[Image-backed grounding data]

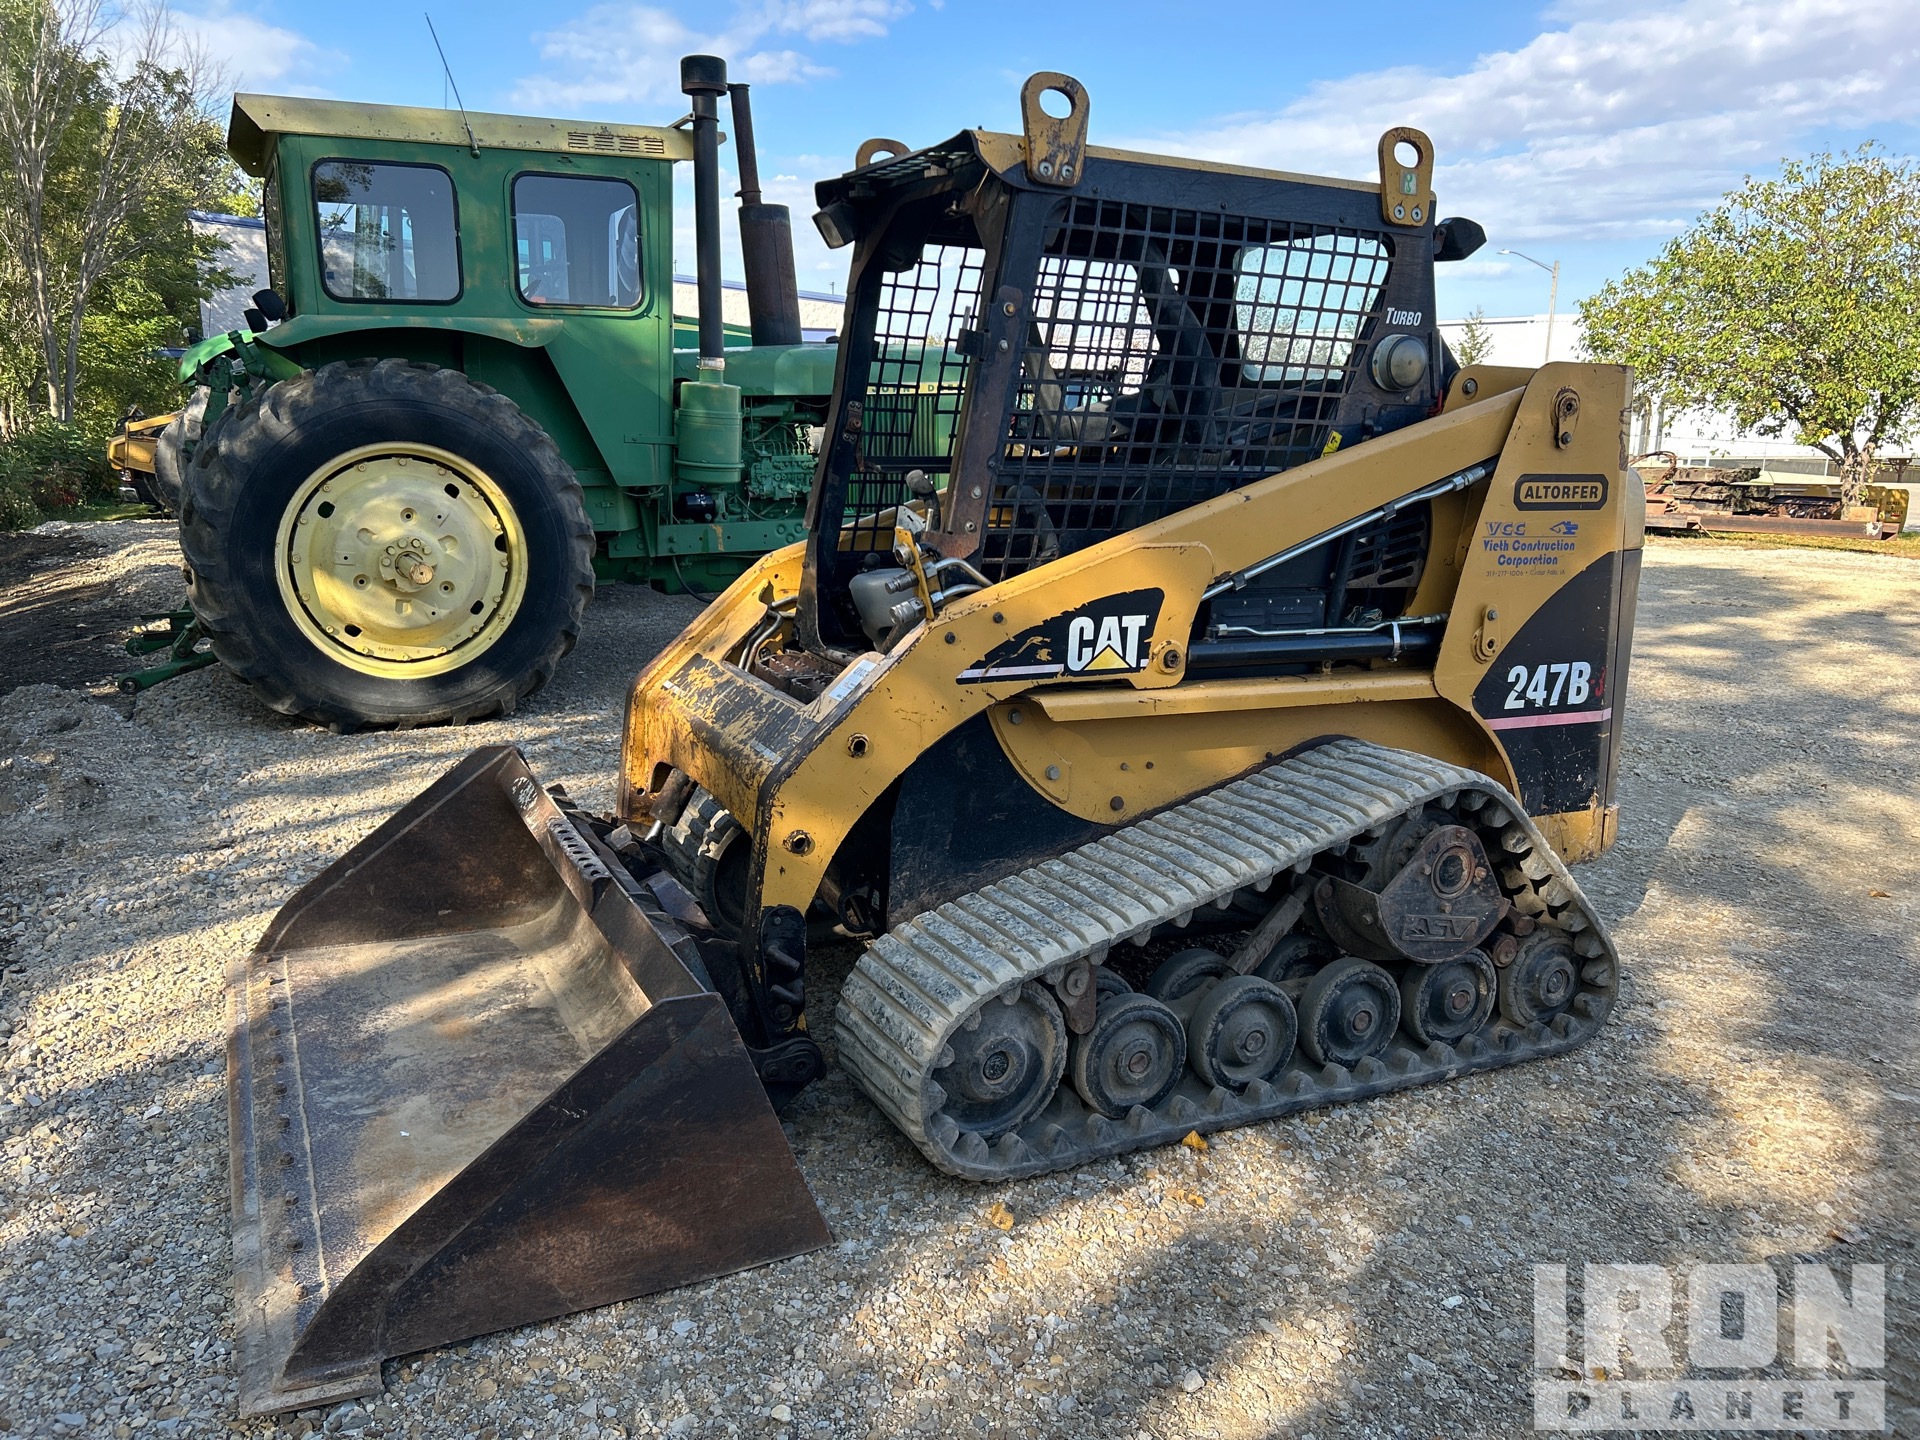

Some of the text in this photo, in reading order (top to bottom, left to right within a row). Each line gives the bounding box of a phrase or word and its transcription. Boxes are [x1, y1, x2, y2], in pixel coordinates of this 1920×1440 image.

[1386, 307, 1422, 327] TURBO
[1523, 485, 1599, 499] ALTORFER
[1485, 521, 1526, 536] VCC
[1483, 539, 1575, 552] Vieth Construction
[1497, 554, 1558, 569] Corporation
[1067, 614, 1147, 671] CAT
[1504, 661, 1592, 710] 247B
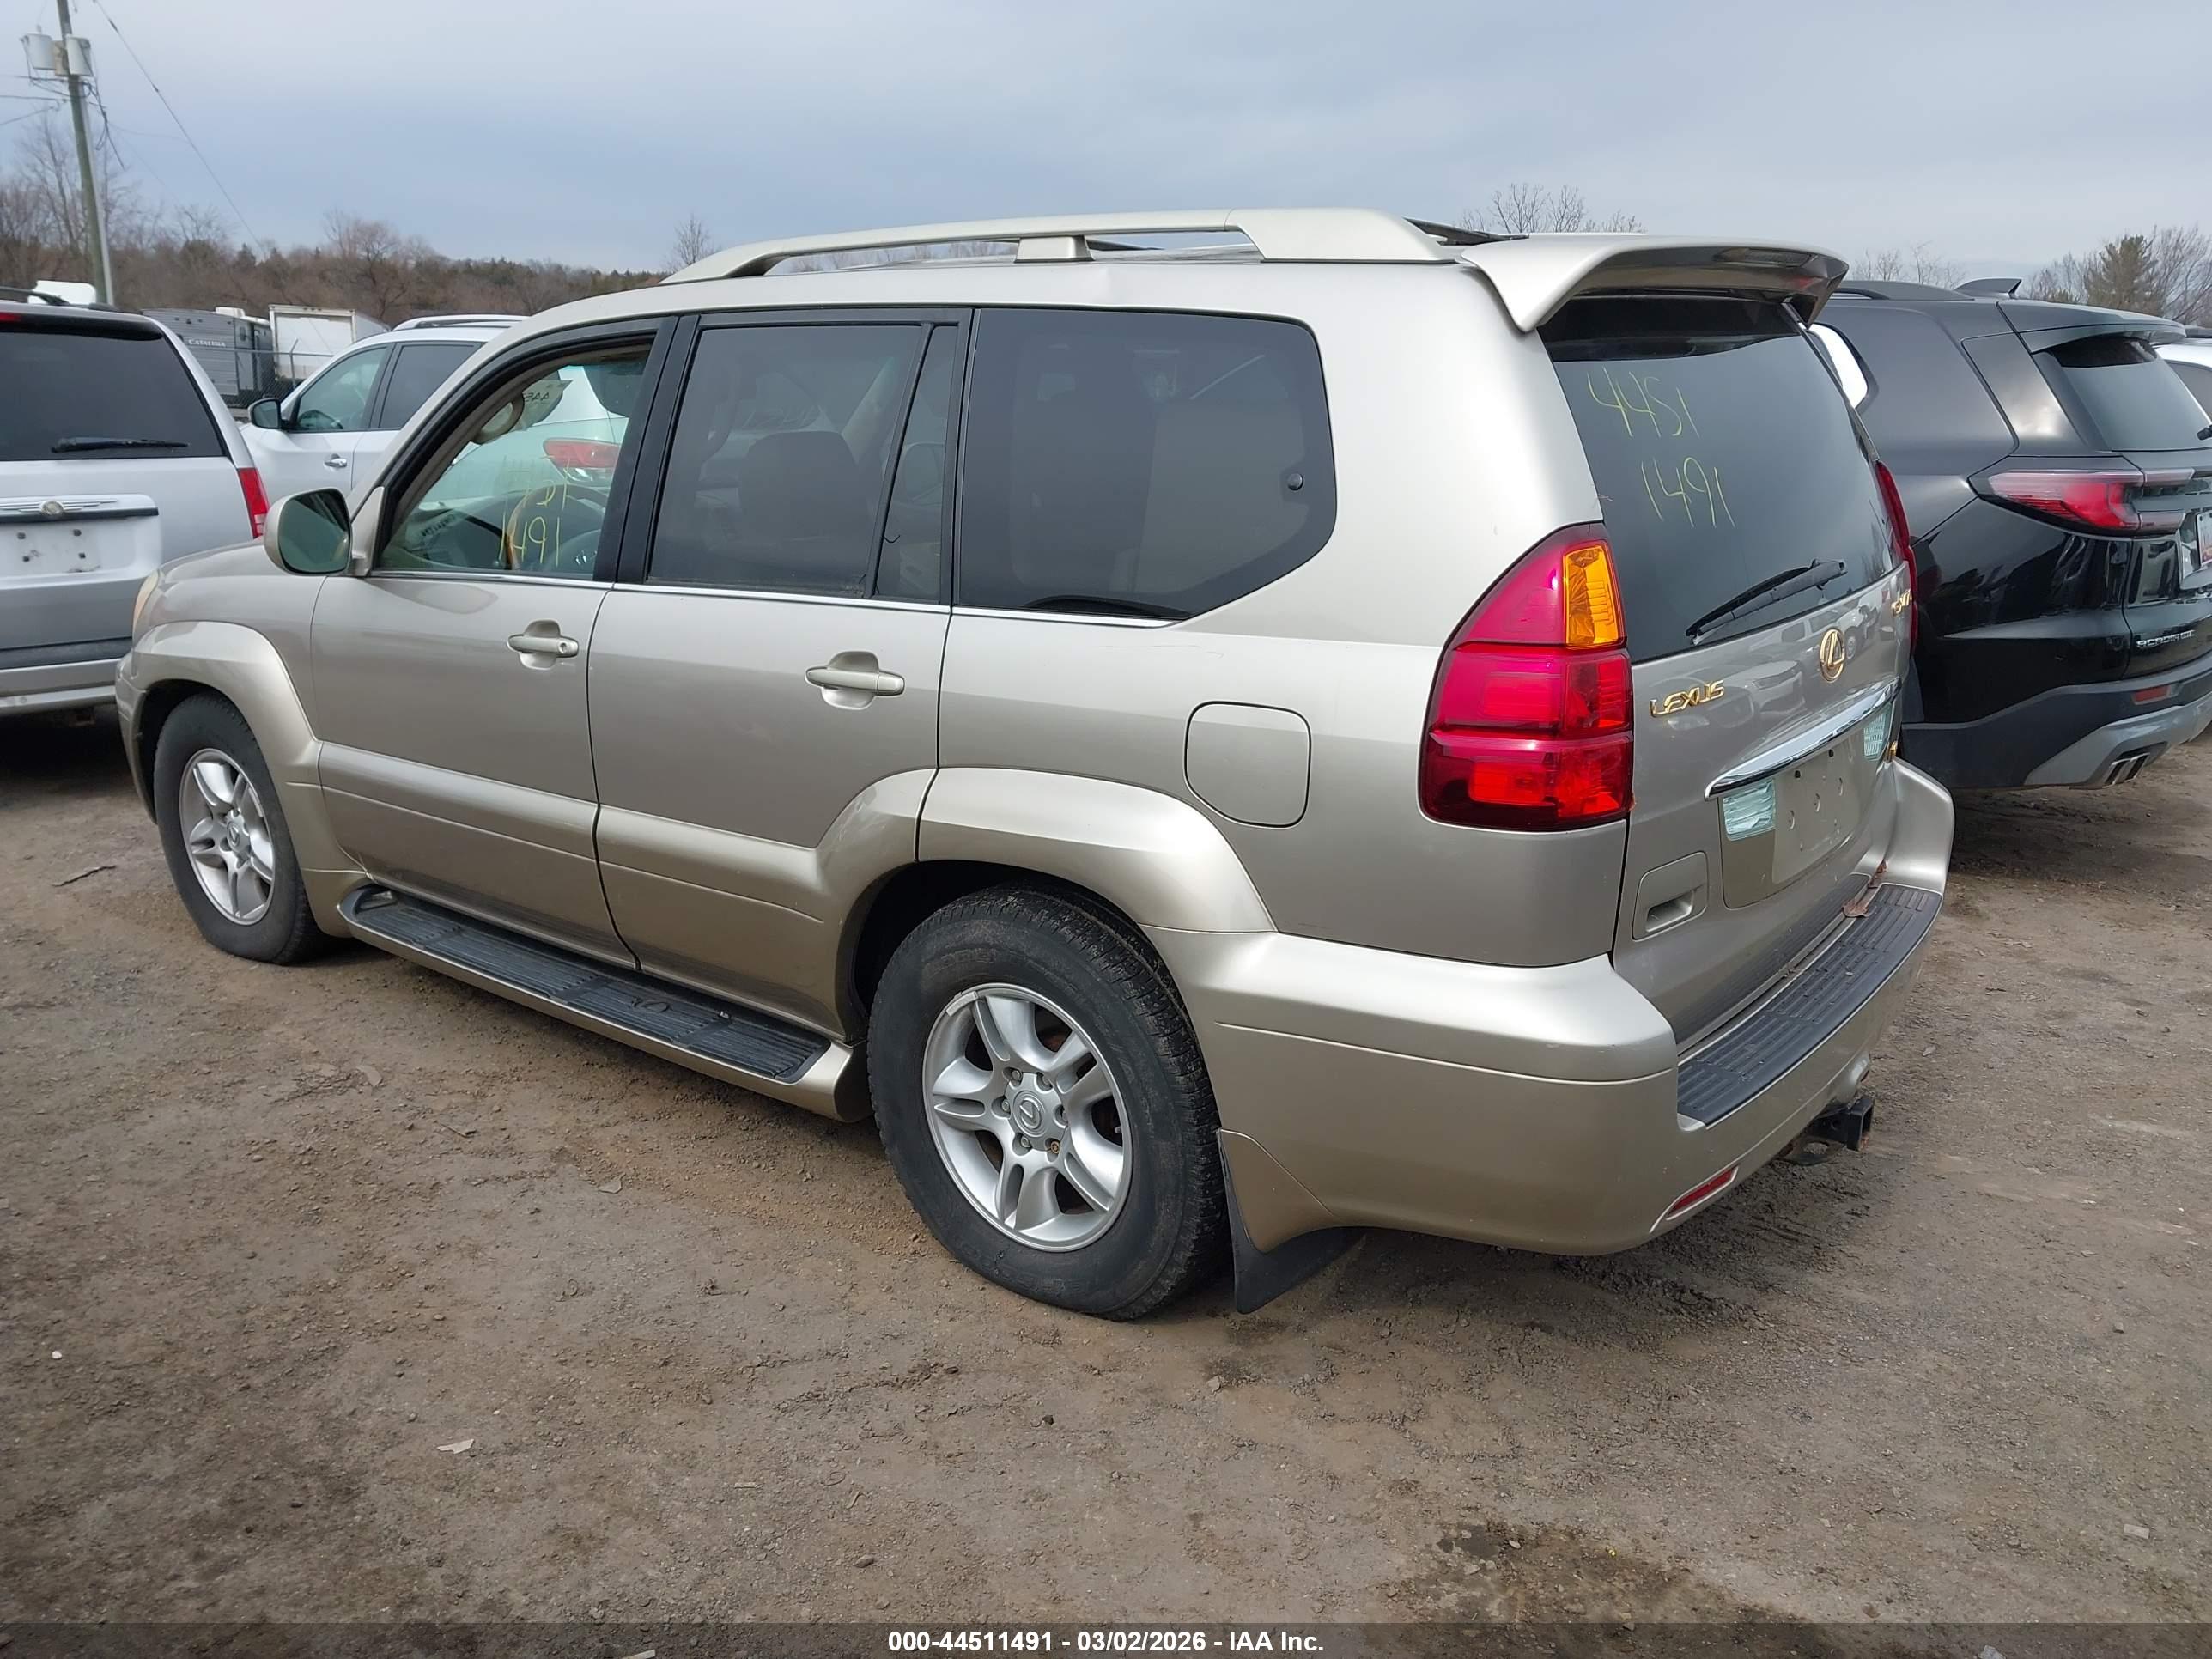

__PROBLEM TO WORK ON__. Retype all the data exactly, please, without pictures.

__EXERCISE SOLUTION__.
Some of the text in this photo, in reading order (top to bottom, left to right within a row). Each line gives the bounding box of a phrase or word and its transcription. Boxes are [x1, y1, x2, y2], in pixel coordinates of this 1920×1440 image.

[1386, 307, 1422, 327] TURBO
[1523, 485, 1599, 499] ALTORFER
[1485, 521, 1526, 536] VCC
[1483, 539, 1575, 552] Vieth Construction
[1497, 554, 1558, 569] Corporation
[1067, 614, 1147, 671] CAT
[1504, 661, 1592, 710] 247B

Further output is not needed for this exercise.